Des fans ? des moins fans ?
Bonsoir
Oui, j'y fait allusion dans ce même forum "art et culture", dans le fil "les livres", page 13 (sous un ancien pseudo, météorite :wink: )

je suis totalement fan de cette trilogie... :)
La première chose qui m’interpelle dans cette trilogie foisonnante de personnages et de points de vue, c’est l’absence de clefs posées en évidence. On est immergé dans la vie. Livrés à nous-même et aux autres. Despentes ne suggère rien en termes de direction, de choix, de morale. Elle laisse parler les personnages qu’elle invite dans son œuvre.
Au fond Vernon Subutex est l’antithèse de tous les autres personnages. Les autres personnages fondent leur vie, leur comportement, leur raisonnement, sur leur convictions qui transmutent la réalité. D’où viennent ces convictions ? D’où vient pour chacun des personnages sa représentation du monde ? Nous sommes dans un roman, pas dans un traité de sociologie.

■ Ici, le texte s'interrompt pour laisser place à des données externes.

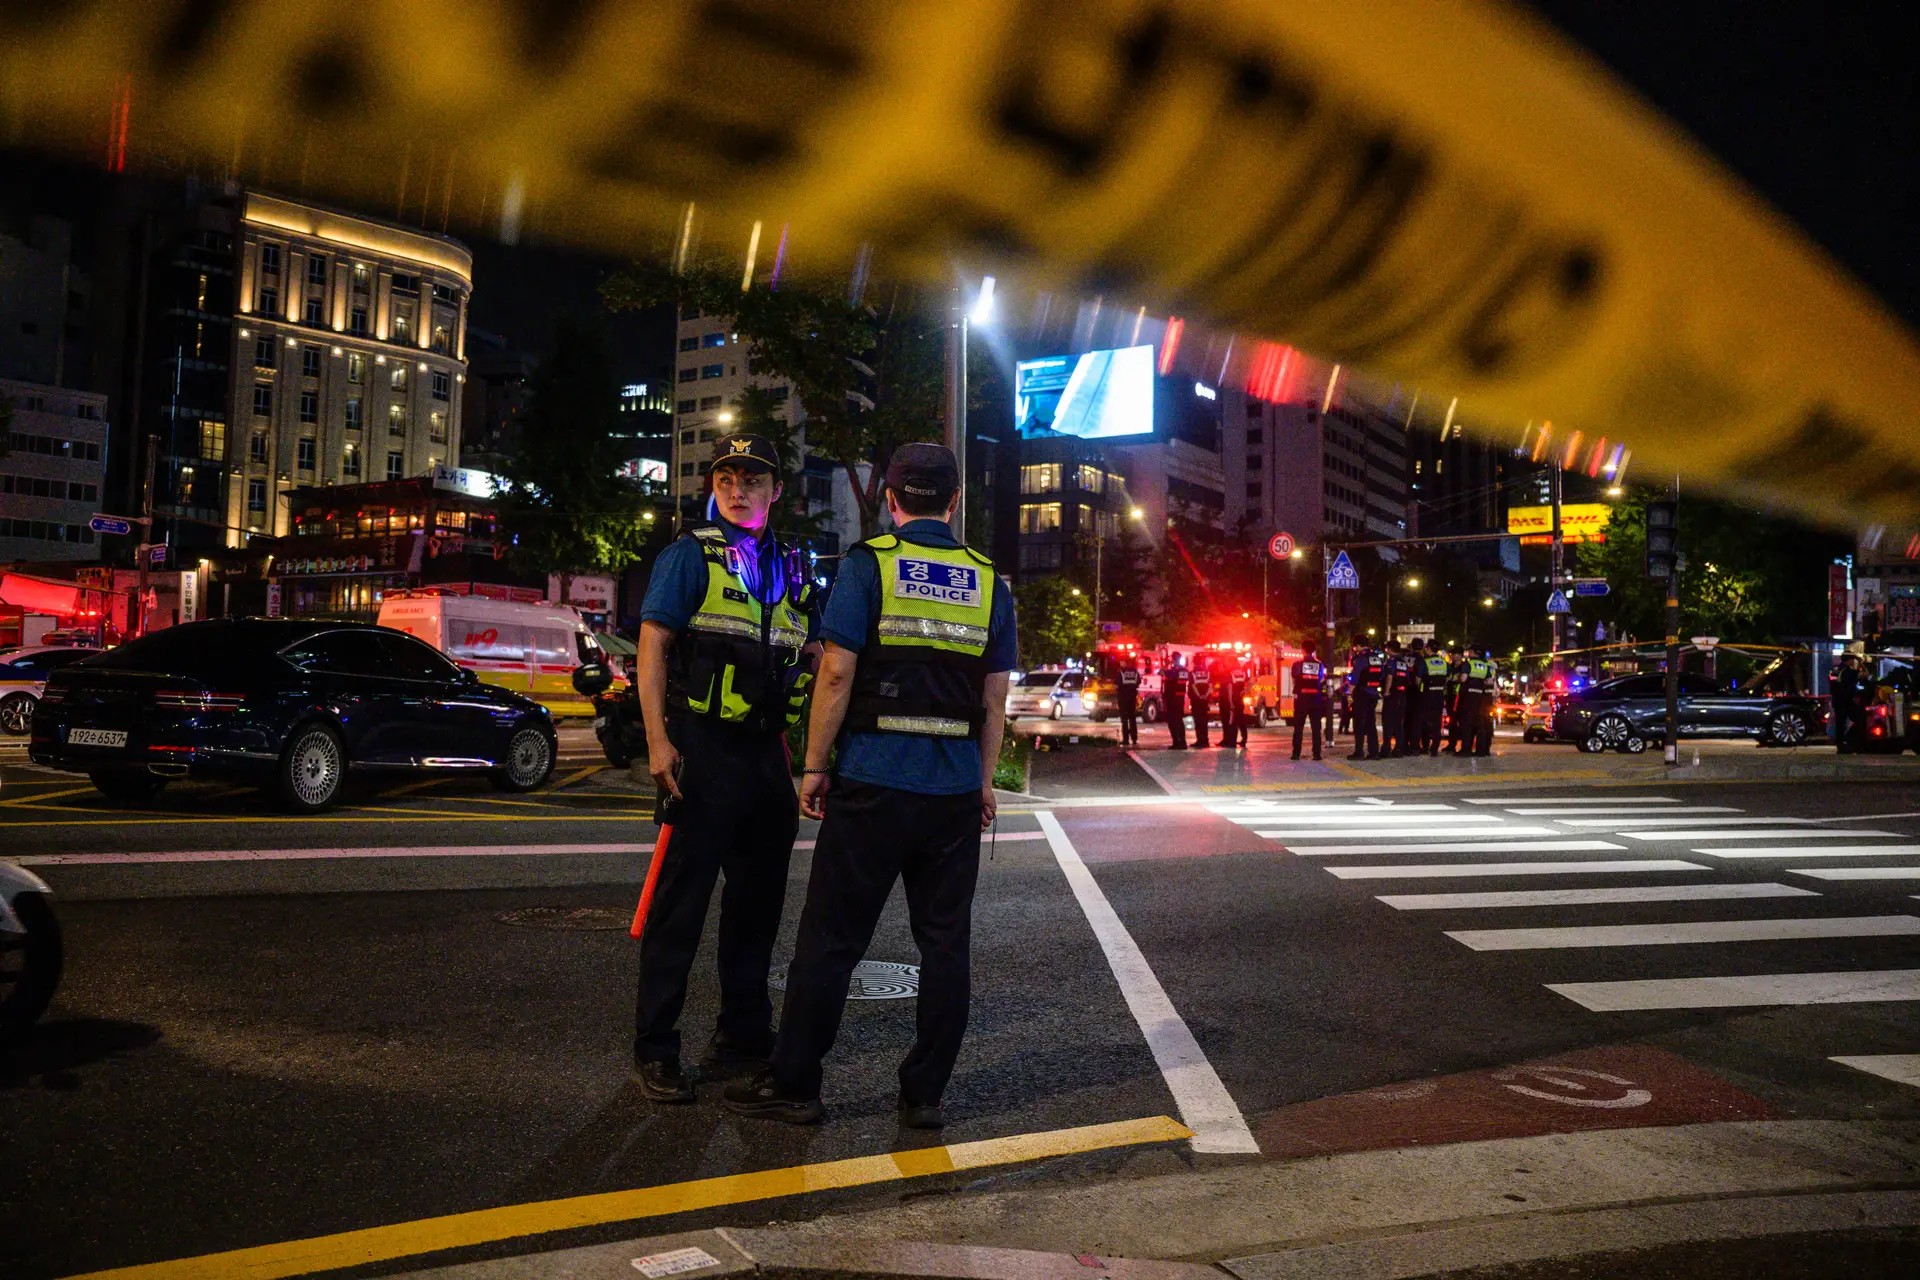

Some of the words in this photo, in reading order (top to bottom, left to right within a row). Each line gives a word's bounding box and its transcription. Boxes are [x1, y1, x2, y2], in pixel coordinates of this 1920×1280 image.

[1560, 515, 1601, 525] DHL
[1274, 539, 1290, 553] 50
[905, 583, 971, 602] POLICE

Vernon Subutex est le pur. Il vit. Il ne dirige pas sa vie. Il ne calcule pas. Il ne se représente rien. Et in fine les évènements ne le maltraitent pas plus que ceux qui prétendent se diriger grâce à leur vision.
Un critique écrit : « qui est VS une légende urbaine ? » Tous les autres personnages correspondent à une typicité spécifique. Despentes nous créé complaisamment une galerie de personnages typiques, bien réels, et pour les réunir elle convoque un non-être, ou une légende, VS.
Tous les personnages du livre ont droit à un ou plusieurs morceaux de bravoure dans lesquels ils expriment leur façon de penser. Chacun est prisonnier de sa façon de penser. Leur monde est une représentation et une volonté. Ils peuvent se juxtaposer / côtoyer. Il leur est beaucoup plus difficile de se rencontrer. Pour être ensemble il faut planer sur les sons d’Alex ou danser sur les playlists de Vernon.
Il n’y a plus qu’un seul sentiment générique qu’ils ressentent tous la haine. Mais à l’égard d’une multitude d’évènements, de gens. Il y a au moins autant de haines différentes que de personnages.
La naïveté ou l’oubli, pourrait nous amener à conclure que le monde devient haine. Je pense plus simplement que la haine (à défaut de la foi) demeure.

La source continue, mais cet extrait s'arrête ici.